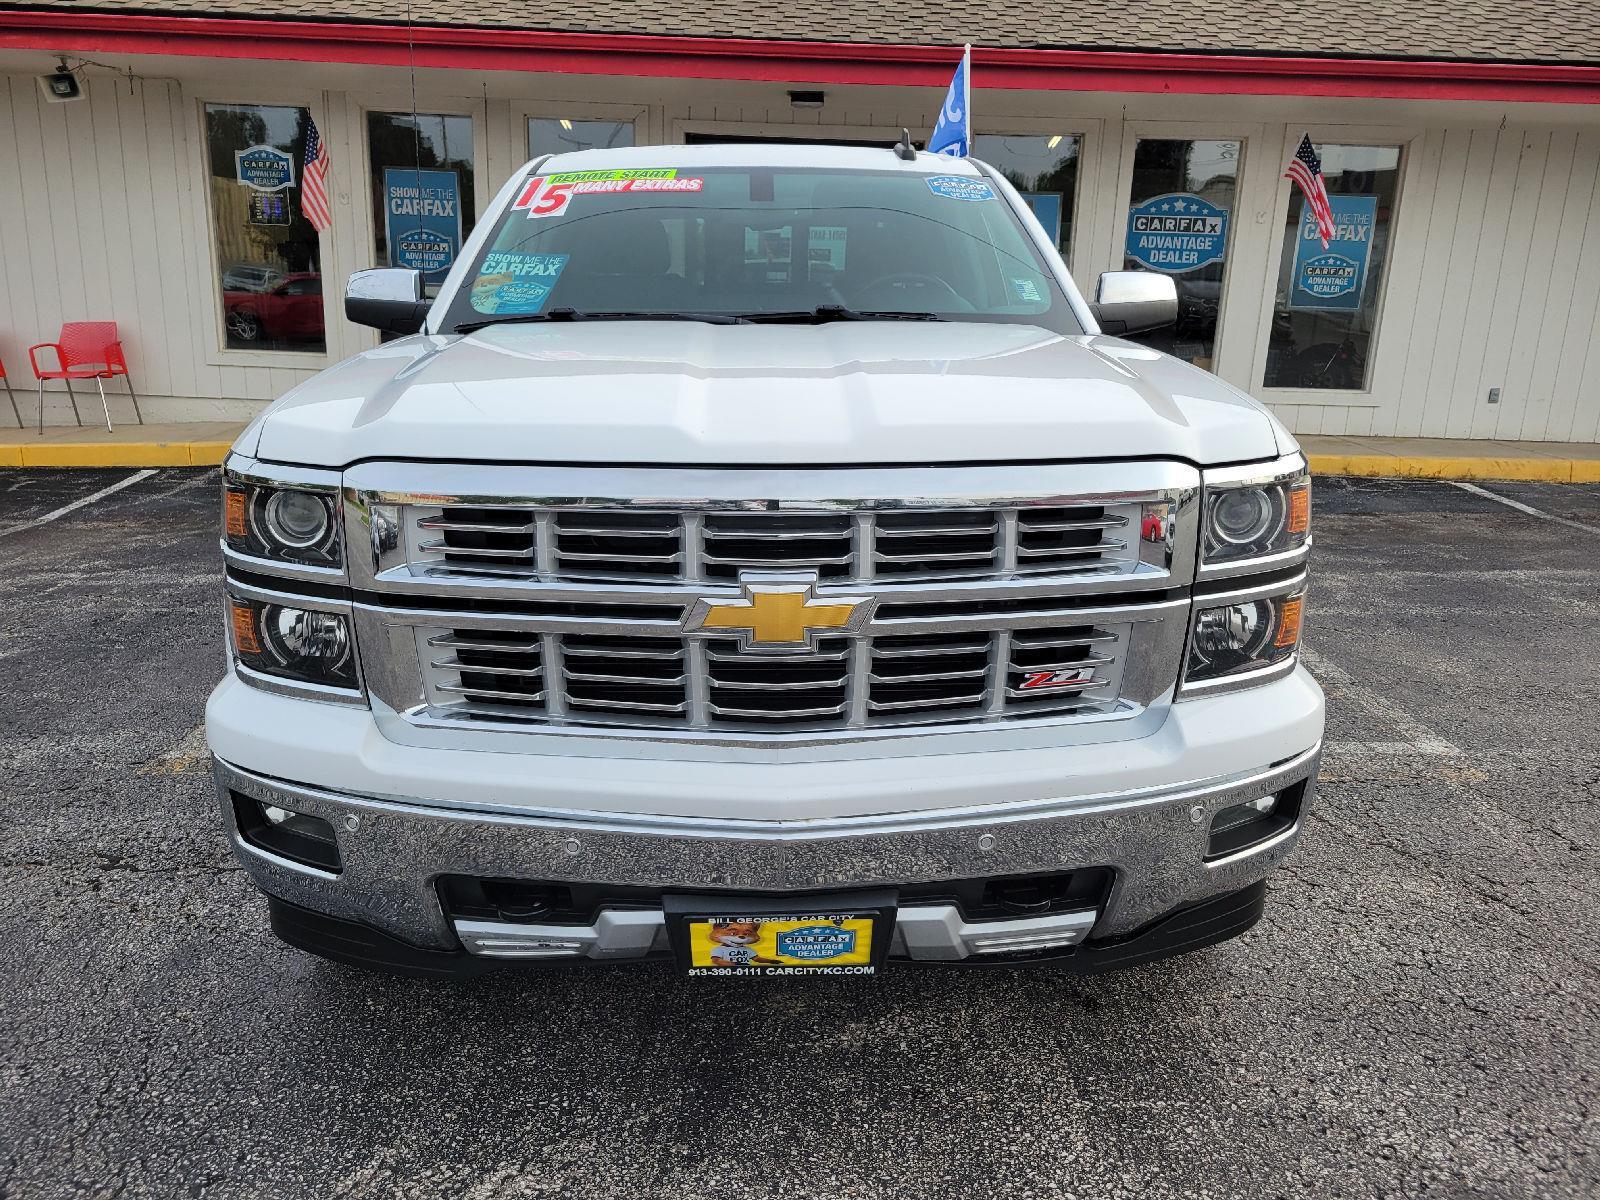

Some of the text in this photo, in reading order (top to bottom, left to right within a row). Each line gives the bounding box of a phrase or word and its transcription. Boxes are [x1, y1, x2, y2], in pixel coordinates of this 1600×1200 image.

[244, 161, 288, 170] CARFAX
[552, 170, 671, 183] REMOTE START
[573, 179, 703, 193] MANY EXTRAS
[390, 187, 454, 200] SHOW ME THE
[516, 177, 574, 215] 15
[391, 198, 455, 216] CARFAX
[1338, 213, 1351, 224] ME
[1352, 213, 1370, 225] THE
[1135, 217, 1219, 234] CARFAX
[402, 242, 448, 252] CARFAX
[1139, 235, 1213, 250] ADVANTAGE
[405, 252, 446, 260] ADVANTAGE
[485, 253, 562, 265] SHOW ME THE
[1149, 250, 1199, 263] DEALER
[412, 260, 439, 269] DEALER
[480, 261, 560, 276] CARFAX
[1307, 268, 1354, 276] CARFAX
[1308, 277, 1348, 285] ADVANTAGE
[1019, 668, 1096, 688] Z71
[784, 935, 849, 943] CARFAX
[688, 966, 875, 976] 913-390-0111 CARCITYKC.COM

--------------------

● What you will do
Your output must match the records word for word, apart from the images, which are left out.

● Your solution
Some of the text in this photo, in reading order (top to bottom, left to right within a row). Each line gives the bounding box of a phrase or word and its transcription. Boxes are [x1, y1, x2, y2], in pixel coordinates of this 1600×1200 image.

[244, 161, 288, 170] CARFAX
[552, 170, 671, 183] REMOTE START
[573, 179, 703, 193] MANY EXTRAS
[390, 187, 454, 200] SHOW ME THE
[516, 177, 574, 215] 15
[391, 198, 455, 216] CARFAX
[1338, 213, 1351, 224] ME
[1352, 213, 1370, 225] THE
[1135, 217, 1219, 234] CARFAX
[402, 242, 448, 252] CARFAX
[1139, 235, 1213, 250] ADVANTAGE
[405, 252, 446, 260] ADVANTAGE
[485, 253, 562, 265] SHOW ME THE
[1149, 250, 1199, 263] DEALER
[412, 260, 439, 269] DEALER
[480, 261, 560, 276] CARFAX
[1307, 268, 1354, 276] CARFAX
[1308, 277, 1348, 285] ADVANTAGE
[1019, 668, 1096, 688] Z71
[784, 935, 849, 943] CARFAX
[688, 966, 875, 976] 913-390-0111 CARCITYKC.COM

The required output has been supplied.